Pemerintah menginginkan tanah hasil program tersebut tidak berhenti sebagai hak milik yang memiliki kepastian hukum. Aset itu diharapkan tetap terjaga dan dapat digunakan secara produktif sehingga manfaatnya bisa dirasakan langsung oleh masyarakat penerima.
Peran Pemerintah Daerah
Selain meminta kehati-hatian dari penerima sertipikat, Wiyagus menyebut pemerintah daerah memiliki tanggung jawab untuk memastikan aset warga didukung lingkungan yang sehat. Dukungan itu mencakup pembukaan akses infrastruktur, penyediaan air bersih, serta pembangunan atau peningkatan akses jalan bagi masyarakat penerima sertipikat di Kabupaten Banjar.
Menurut dia, kepemilikan tanah yang telah memperoleh legalitas perlu disertai kondisi lingkungan yang memungkinkan aset tersebut dimanfaatkan secara produktif.
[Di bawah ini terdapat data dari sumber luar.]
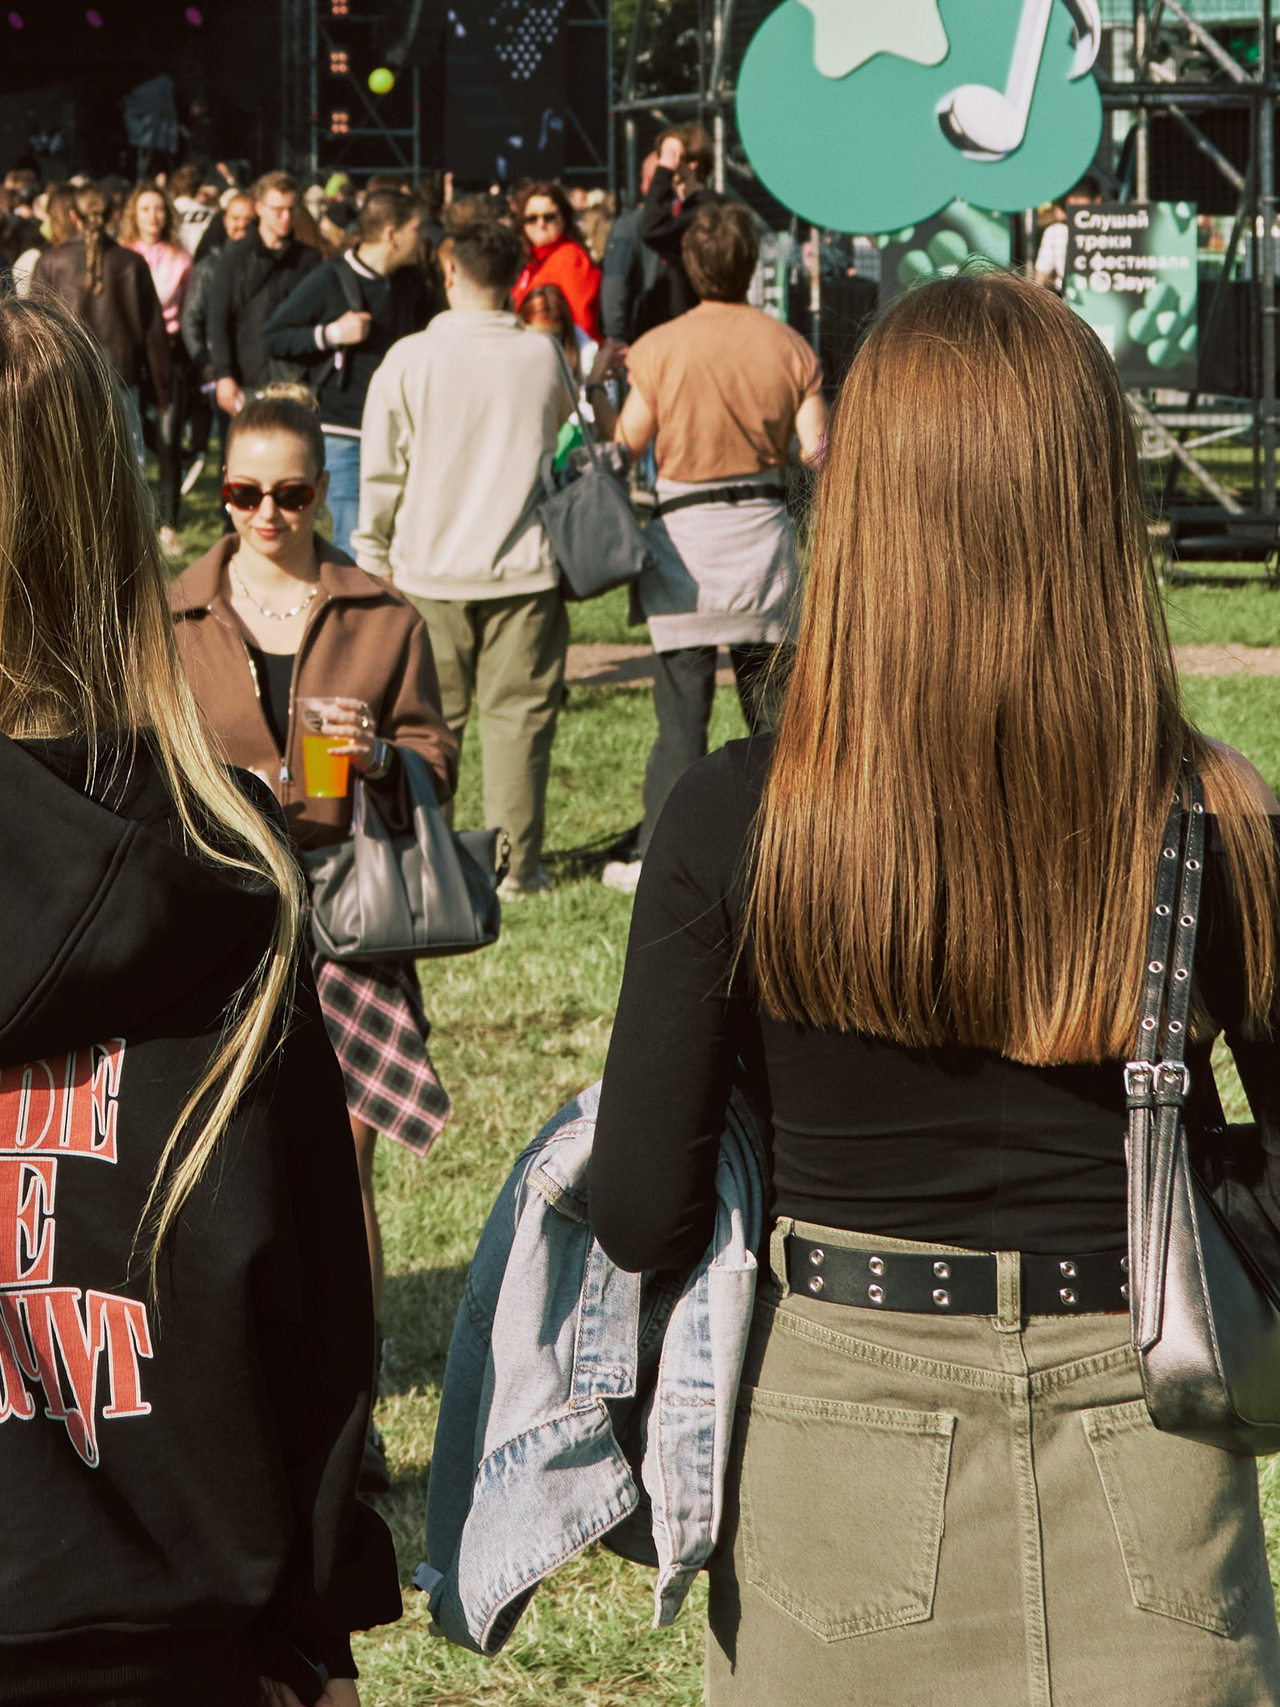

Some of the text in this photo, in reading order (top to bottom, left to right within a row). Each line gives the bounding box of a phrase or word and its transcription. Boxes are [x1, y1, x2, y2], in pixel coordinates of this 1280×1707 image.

[1074, 209, 1150, 232] Слушай
[1074, 234, 1132, 252] треки
[1074, 252, 1190, 272] с фестиваля
[1112, 273, 1158, 294] Звук
Dengan demikian, kepastian hukum atas tanah dapat berjalan beriringan dengan peluang pemanfaatan ekonomi bagi pemiliknya.
Wiyagus menilai dukungan lingkungan menjadi bagian penting dalam menjaga agar tanah tidak hanya tercatat sebagai aset legal, tetapi juga dapat memberi manfaat yang lebih luas bagi masyarakat. Akses dasar seperti infrastruktur, air bersih, dan jalan disebut sebagai unsur yang perlu diperhatikan pemerintah daerah.
Sinergi Antarinstansi
Untuk mengawal pemanfaatan aset tersebut, Wiyagus mengatakan sinergi akan terus dilakukan antara pemerintah pusat, pemerintah daerah, DPR RI, Badan Pertanahan Nasional, dan seluruh pemangku kepentingan.
Kerja sama itu diarahkan agar aset-aset yang telah memiliki sertipikat benar-benar dapat dirasakan manfaatnya oleh masyarakat secara luas. Pengawalan tersebut mencakup upaya menjaga aset sekaligus menciptakan kondisi yang mendukung pemanfaatan tanah secara produktif.
Dalam konteks itu, penyerahan SHM melalui program PTSL tidak hanya dipandang sebagai pemberian kepastian hukum atas kepemilikan tanah. Program tersebut juga diharapkan menjadi dasar bagi masyarakat berpenghasilan rendah untuk memiliki aset yang terjaga dan berpotensi mendukung kegiatan ekonomi, dengan tetap mempertimbangkan risiko pemanfaatannya.